Mascia Marcello Mario, Belvisi Daniele, Esposito Marcello, Pellicciari Roberta, Trinchillo Assunta, Terranova Carmen, Bertino Salvatore, Avanzino Laura, Di Biasio Francesca, Bono Francesco, Laterza Vincenzo, Lettieri Christian, Eleopra Roberto, Fabbrini Giovanni, Barbero Pierangelo, Bertolasi Laura, Altavista Maria Concetta, Erro Roberto, Ceravolo Roberto, Castagna Anna, Zibetti Maurizio, Bentivoglio Anna Rita, Cossu Giovanni, Magistrelli Luca, Scaglione Cesa, Albanese Alberto, Cotelli Maria Sofia, Misceo Salvatore, Pisani Antonio, Schirinzi Tommaso, Maderna Luca, Squintani Giovanna, Berardelli Alfredo, Defazio Giovanni
Neurology Unit, University Hospital of Cagliari, Cagliari, Italy.
Department of Human Neurosciences, Sapienza University of Rome, Rome, Italy; IRCCS Neuromed, Pozzilli, Italy.
Parkinsonism Relat Disord. 2023 Oct;115:105851. doi: 10.1016/j.parkreldis.2023.105851. Epub 2023 Sep 12.
Although acquired dystonia may develop following ischaemic/haemorrhagic stroke, the relationship between cerebrovascular disease and idiopathic dystonia has been poorly investigated.
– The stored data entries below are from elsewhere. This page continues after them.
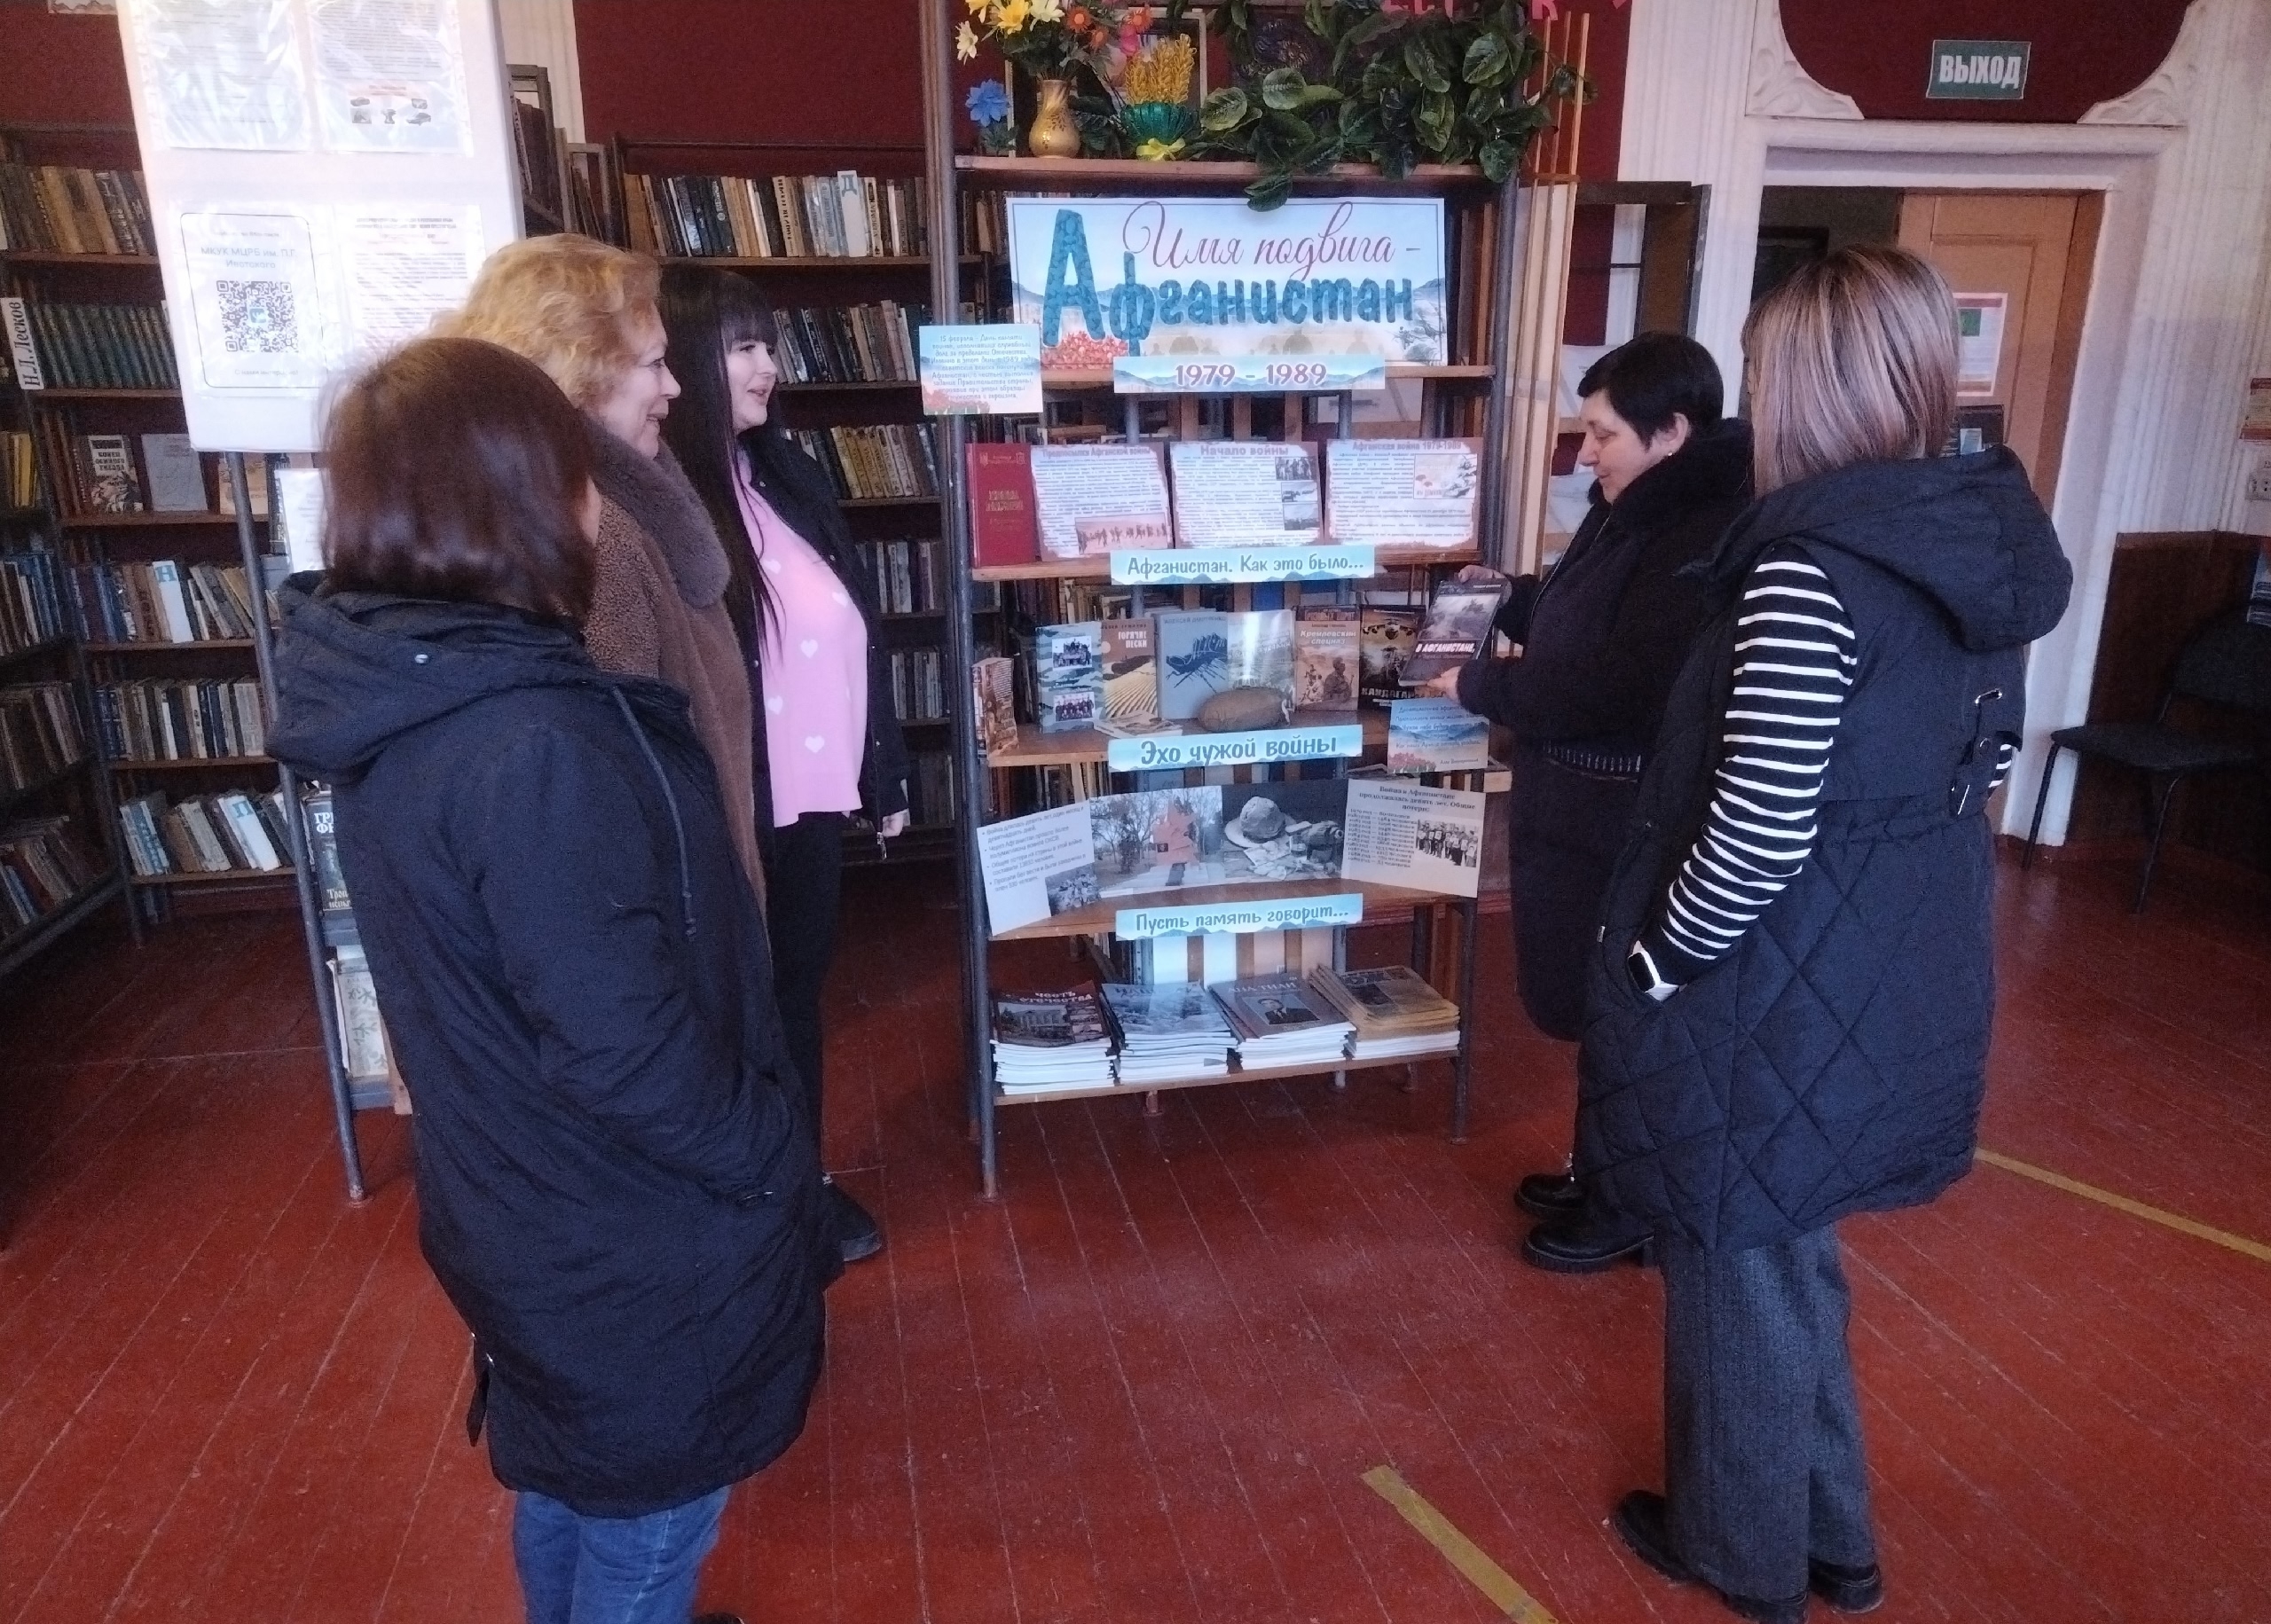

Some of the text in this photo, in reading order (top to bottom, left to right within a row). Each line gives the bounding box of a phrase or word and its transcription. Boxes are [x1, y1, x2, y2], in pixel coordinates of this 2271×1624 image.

[1939, 55, 2022, 89] ВЫХОД
[841, 175, 857, 197] Д
[1122, 200, 1244, 269] Имя
[1254, 200, 1395, 280] подвига
[200, 247, 229, 256] МКУК
[231, 247, 260, 257] МЦРБ
[1042, 208, 1414, 357] Афганистан
[9, 302, 32, 353] Лесков
[1175, 364, 1235, 386] 1979
[1266, 363, 1327, 386] 1989
[1200, 444, 1288, 456] Начало войны
[1352, 442, 1395, 454] Афганская
[155, 564, 178, 582] Н
[1128, 553, 1364, 579] Афганистан. Как это было...
[1118, 631, 1147, 640] ГОРЯЧИЕ
[1126, 639, 1147, 648] ПЕСКИ
[1415, 642, 1475, 654] В АФГАНИСТАНЕ,
[1141, 734, 1337, 766] Эхо чужой войны
[232, 801, 255, 818] П
[1136, 906, 1349, 935] Пусть память говорит...
This cross sectional study aimed at evaluating the impact of cerebrovascular risk factors on the clinical expression of idiopathic adult onset dystonia (IAOD), with reference to dystonia localization and dystonia-associated features.
Data were obtained from the Italian Dystonia Registry. Patients with IAOD were stratified into two groups according to the presence of diabetes mellitus and/or arterial hypertension and/or dyslipidemia and/or heart disease. The two groups were compared for demographic features, dystonia phenotype, and dystonia-associated features (sensory trick, tremor, eye symptoms in blepharospasm, and neck pain in cervical dystonia).
A total of 1108 patients participated into the study. Patients who reported one cerebrovascular factor or more (n = 555) had higher age and longer disease duration than patients who did not. On multivariable logistic regression analysis, blepharospasm was the only localization, and sensory trick was the only dystonia-associated feature that was significantly associated with cerebrovascular risk factors. Linear regression analysis showed that the strength of the association between cerebrovascular factors and blepharospasm/sensory trick increased with increasing the number of cerebrovascular factors per patient.
Results of the present study showed that cerebrovascular risk factors may be associated with specific features of IAOD that is development of blepharospasm and sensory trick. Further studies are needed to better understand the meaning and the mechanisms underlying this association.
尽管后天性肌张力障碍可能在缺血性/出血性中风后发生,但脑血管疾病与特发性肌张力障碍之间的关系尚未得到充分研究。这项横断面研究旨在评估脑血管危险因素对特发性成人起病肌张力障碍(IAOD)临床表型的影响,同时参考肌张力障碍的定位和与肌张力障碍相关的特征。
数据来自意大利肌张力障碍登记处。根据是否存在糖尿病和/或动脉高血压和/或血脂异常和/或心脏病,将IAOD患者分为两组。比较两组的人口统计学特征、肌张力障碍表型和与肌张力障碍相关的特征(感觉技巧、震颤、眼睑痉挛中的眼部症状以及颈部肌张力障碍中的颈部疼痛)。
共有1108名患者参与了这项研究。报告有一个或多个脑血管因素的患者(n = 555)比没有这些因素的患者年龄更大,病程更长。在多变量逻辑回归分析中,眼睑痉挛是唯一与脑血管危险因素显著相关的定位,感觉技巧是唯一与肌张力障碍相关的特征。线性回归分析表明,脑血管因素与眼睑痉挛/感觉技巧之间的关联强度随着每位患者脑血管因素数量的增加而增加。
本研究结果表明,脑血管危险因素可能与IAOD的特定特征相关,即眼睑痉挛和感觉技巧的出现。需要进一步研究以更好地理解这种关联的意义和潜在机制。